Railway line in Spain

The Oviedo-Villapérez mining railway was a narrow gauge railway with a track gauge of . It was just over 7 km long and ran from Oviedo to the iron ore mines in the Villapérez and Naranco areas of Asturias in northwest Spain, from 1880 to 1916.

== History ==
Industrialised underground mining of iron ore in Asturias began around 1879, although there is evidence of mining on Monte Naranco since at least the 17th century. The ore was mined in Villapérez and Lillo by the Sociedad Fábrica de Mieres, one of the mining and ironworks companies that initiated industrialisation in Asturias.

The construction of the mining railway began in 1879, to haul iron ore to the northern station in Oviedo, from where it could be transported to Mieres. On 23 March 1879, the Compañia Numa Gilhou changed its name to Sociedad Fábrica de Mieres. The iron ore is found on the Monte Naranco in two layers called Piquete and Naranco. These are respectively interbedded between ferruginous sandstones of the Devonian and rocky limestones that have been folded and uplifted as an anticline. The Piquete layer is 1 to 2 m thick and has an iron content of 40 to 42%. The Naranco layer is only 1 to 1.5 m thick and has an iron content of 38%.

Mining took place at different times in two different areas: The Villapérez area is located east of Monte Naranco near the Río Nora, and the Naranco area is near Oviedo. Exploitation in the Villapérez area began in 1879 with the opening of galleries in the Fuentenueva, Piquete and Gamoneda gorges, which divided the exploitation into four levels (pisos) or workshops (talleres) with a height of 30 m, the galleries being almost 400 m long. The mines of this group were located between 280 and 312 m above sea level. The mining system used was that of ascending pits followed by lining, a suitable system as the piquete layer here is almost vertical. From 1907 onwards, mining in this group ceased, as the output and grade of the Piquete layer, the only layer was exploited in this area, declined. Up to that time and since 1879, 400,000 tonnes of ore had been extracted from this area.

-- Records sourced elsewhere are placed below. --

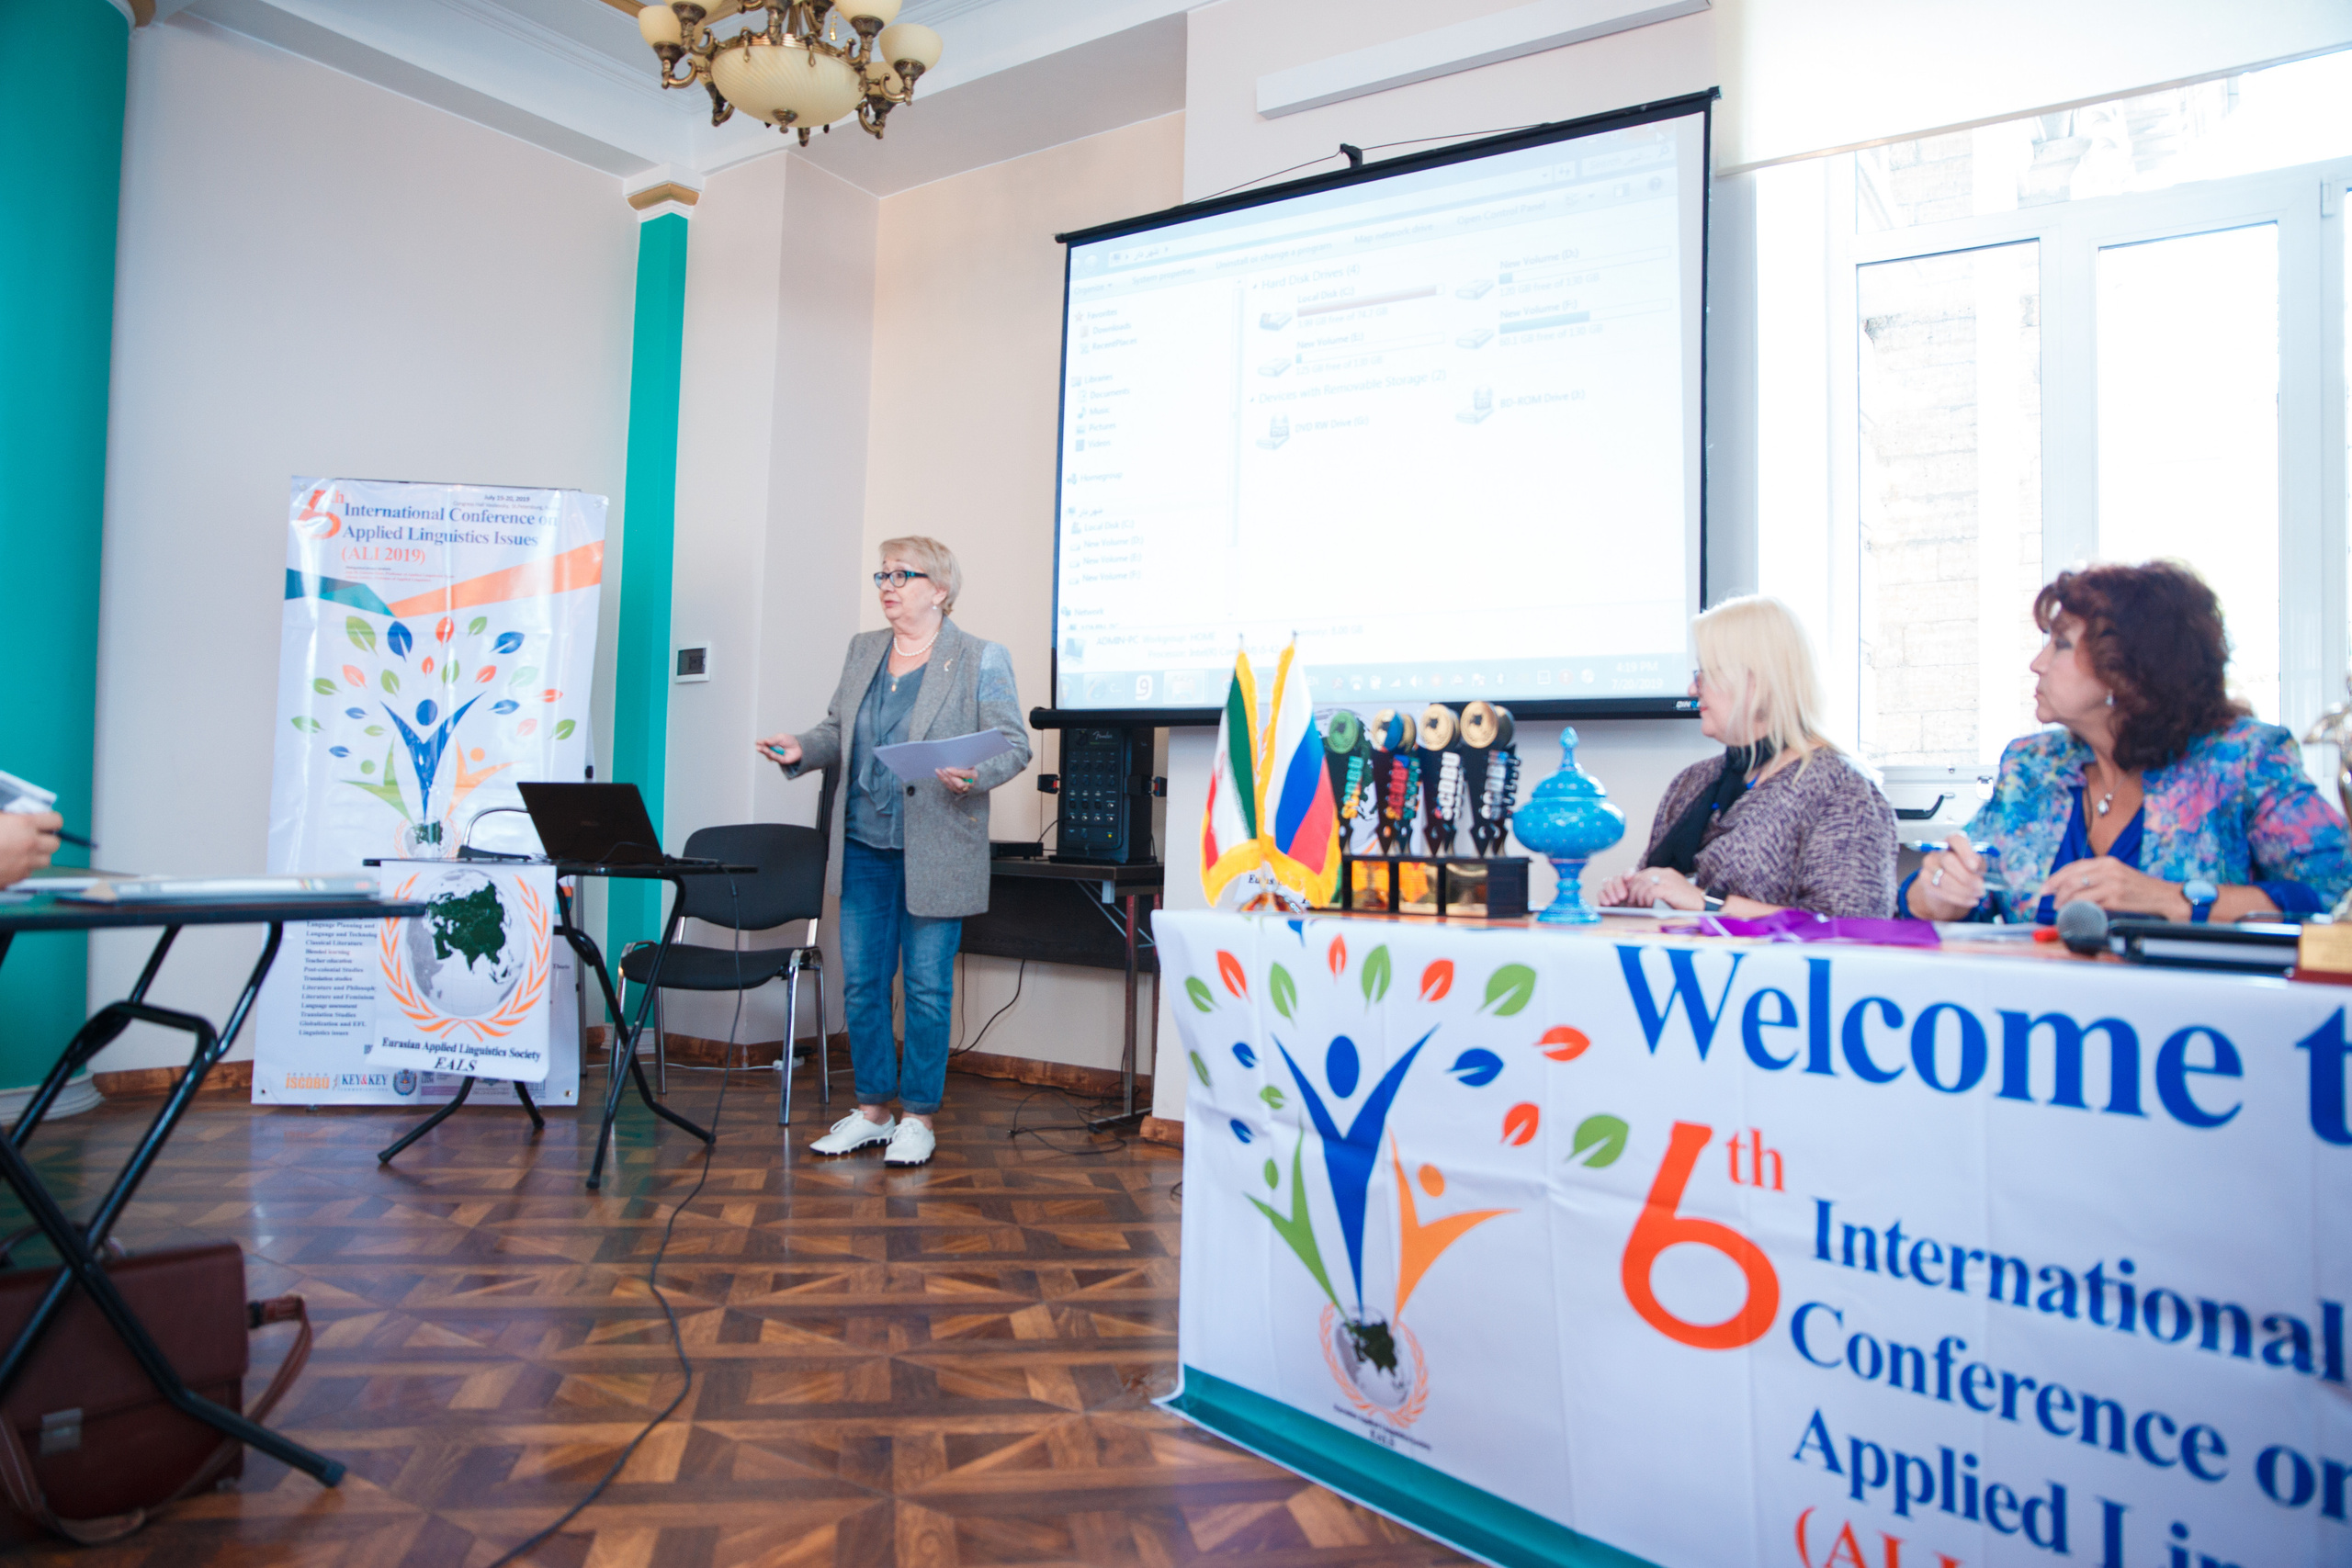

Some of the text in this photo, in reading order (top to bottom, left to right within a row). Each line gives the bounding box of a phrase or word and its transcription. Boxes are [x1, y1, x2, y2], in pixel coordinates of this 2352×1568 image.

[1375, 227, 1410, 241] network
[1499, 259, 1521, 270] New
[1522, 253, 1560, 266] Volume
[1261, 264, 1361, 289] Hard Disk Drives (4)
[1297, 290, 1318, 304] Local
[1320, 287, 1339, 300] Disk
[1087, 308, 1117, 320] Favorites
[1499, 309, 1521, 321] New
[1522, 302, 1560, 316] Volume
[1092, 322, 1131, 334] Downloads
[1296, 340, 1315, 351] New
[1317, 335, 1349, 347] Volume
[1084, 373, 1114, 384] Libraries
[1090, 388, 1131, 399] Documents
[1259, 369, 1447, 404] Devices with Removable Storage (2)
[1499, 394, 1542, 408] BD-ROM
[1544, 390, 1569, 404] Drive
[1090, 406, 1110, 415] Music
[1089, 422, 1116, 432] Pictures
[1295, 421, 1313, 433] DVD
[1330, 417, 1351, 430] Drive
[1088, 438, 1112, 448] Videos
[1080, 471, 1124, 485] Homegroup
[344, 502, 558, 527] International Conference on
[1084, 521, 1102, 532] Local
[1104, 519, 1119, 530] Disk
[343, 525, 538, 547] Applied Linguistics Issues
[1083, 539, 1100, 549] New
[1102, 536, 1129, 547] Volume
[341, 547, 426, 565] (ALI 2019)
[1082, 556, 1100, 566] New
[1101, 553, 1128, 565] Volume
[1081, 573, 1098, 583] New
[1100, 570, 1127, 581] Volume
[1074, 606, 1104, 616] Network
[1097, 634, 1139, 646] ADMIN-PC
[1640, 660, 1658, 672] PM
[349, 931, 378, 939] Technolog
[1614, 943, 2245, 1130] Welcome
[382, 1036, 421, 1050] Eurasian
[424, 1041, 457, 1055] Applied
[459, 1043, 506, 1057] Linguistics
[509, 1047, 541, 1061] Society
[434, 1055, 478, 1072] EALS
[341, 1073, 389, 1086] KEY&KEY
[1810, 1196, 2351, 1384] International
[1790, 1301, 2231, 1483] Conference
[1791, 1407, 2074, 1558] Applied
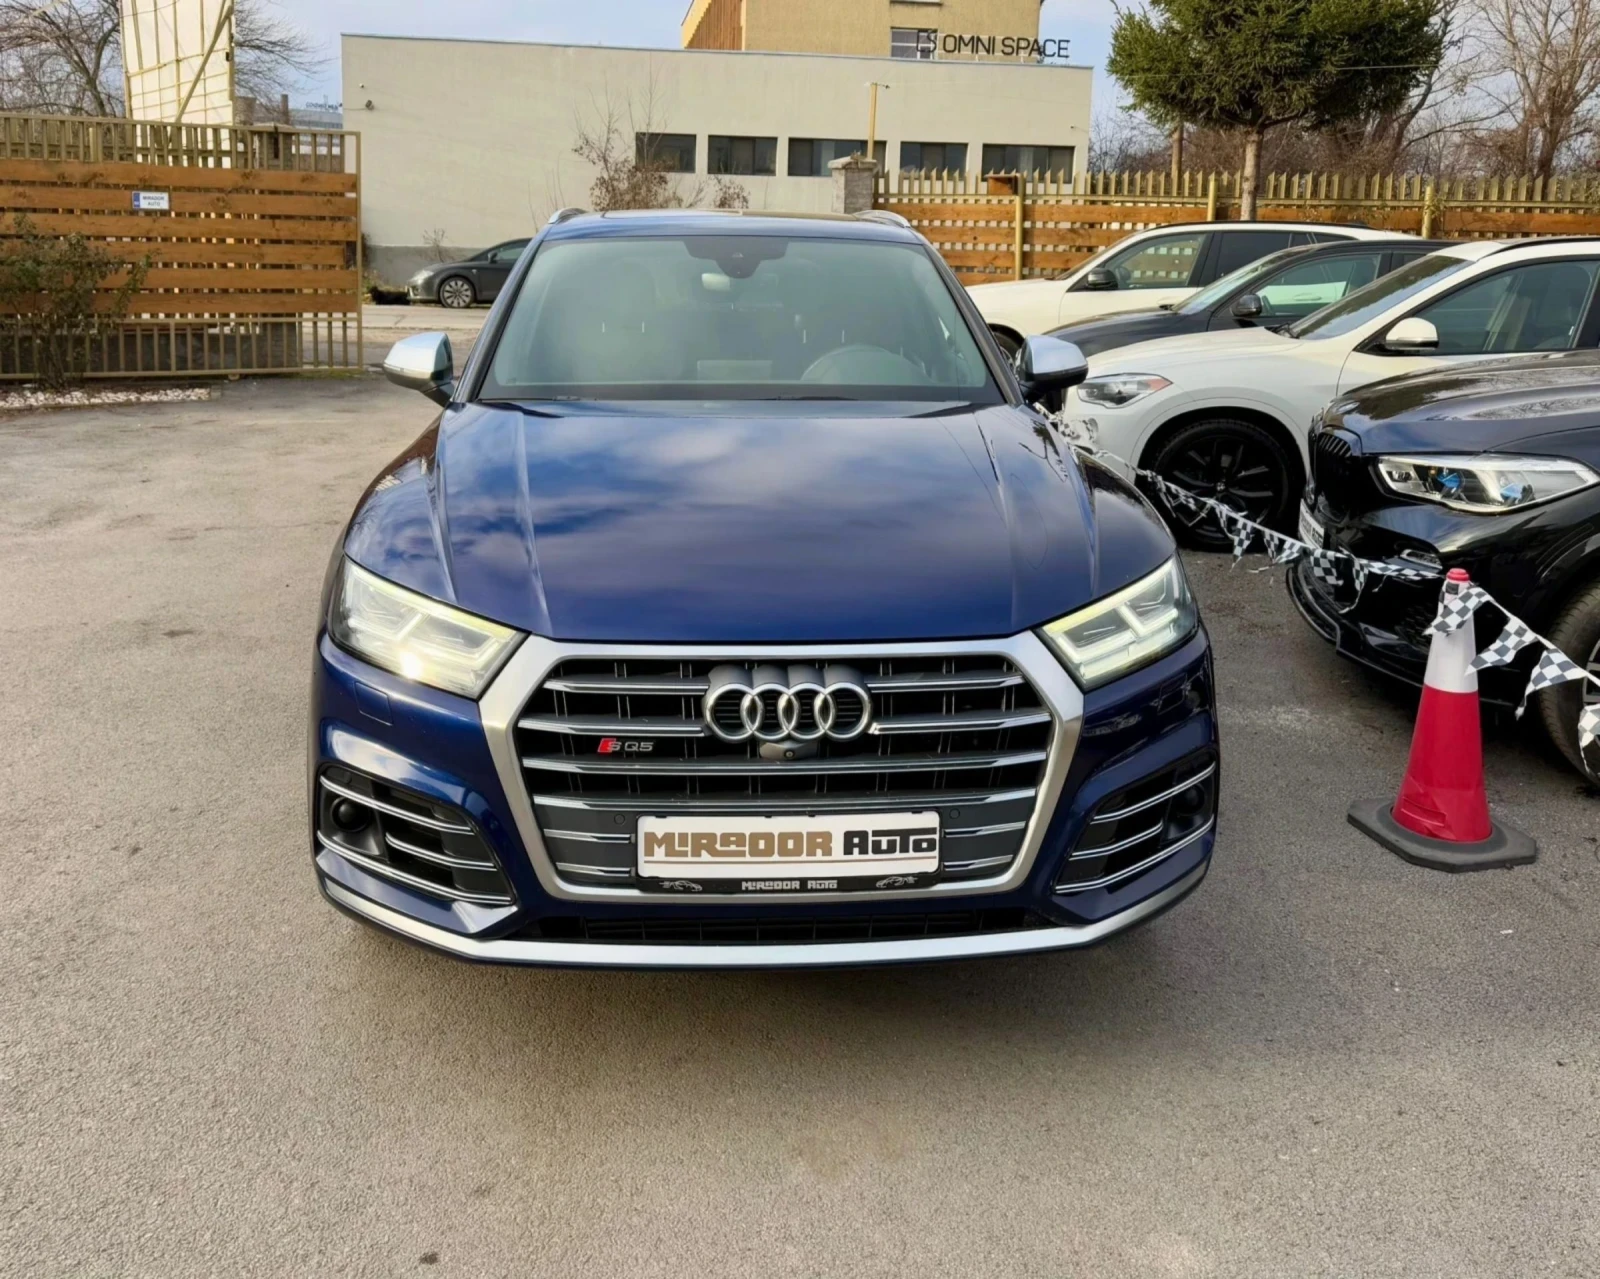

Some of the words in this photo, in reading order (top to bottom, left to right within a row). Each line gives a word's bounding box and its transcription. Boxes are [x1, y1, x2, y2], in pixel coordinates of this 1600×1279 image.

The Naranco area was located between 510 and 575 m above sea level closer to Oviedo and above the Villapérez area near the summit of Mount Naranco. Exploitation began in 1902, when production in the Villapérez area began to decline. Here there was only the Naranco layer, which had a lower iron content than the Piquete layer. Work began with the creation of a 200 m long adit on the south side of the mountain, which followed the layer through two adits: one to the south, which came to the surface after 1000 m on the north slope of Mount Narenco in the Pevidal Gorge, and another to the north-west with a distance of 200 m. These fields were divided into floors (pisos), with an average height of 30 m. In 1911, there were four workshops (talleres) in the Naranco area, with 36 pits and a total of 2050 m of galleries. The Naranco stratum in this area lies either vertically, obliquely or horizontally, so that mining could partly take place without backfilling and without pillars. A total of 425,000 tonnes of iron ore were mined in this area between 1902 and 1915, indicating that mining was much more intensive than in the Villapérez area.

In 1915, the last year of mining, a total of 95 workers were employed in the mines and on the railway. In 1916 and 1917, only maintenance work was carried out in the mines. The Meres foundry was mainly supplied from other iron ore mines during First World War.

== Construction of the mining railway ==
In 1878, the Oviedo City Council received an application for permission to build the mining railway on Monte Naranco, which raised concerns as it was feared that the construction of the railway would affect the water supply of Fitoria, as it ran parallel to that of the future railway line.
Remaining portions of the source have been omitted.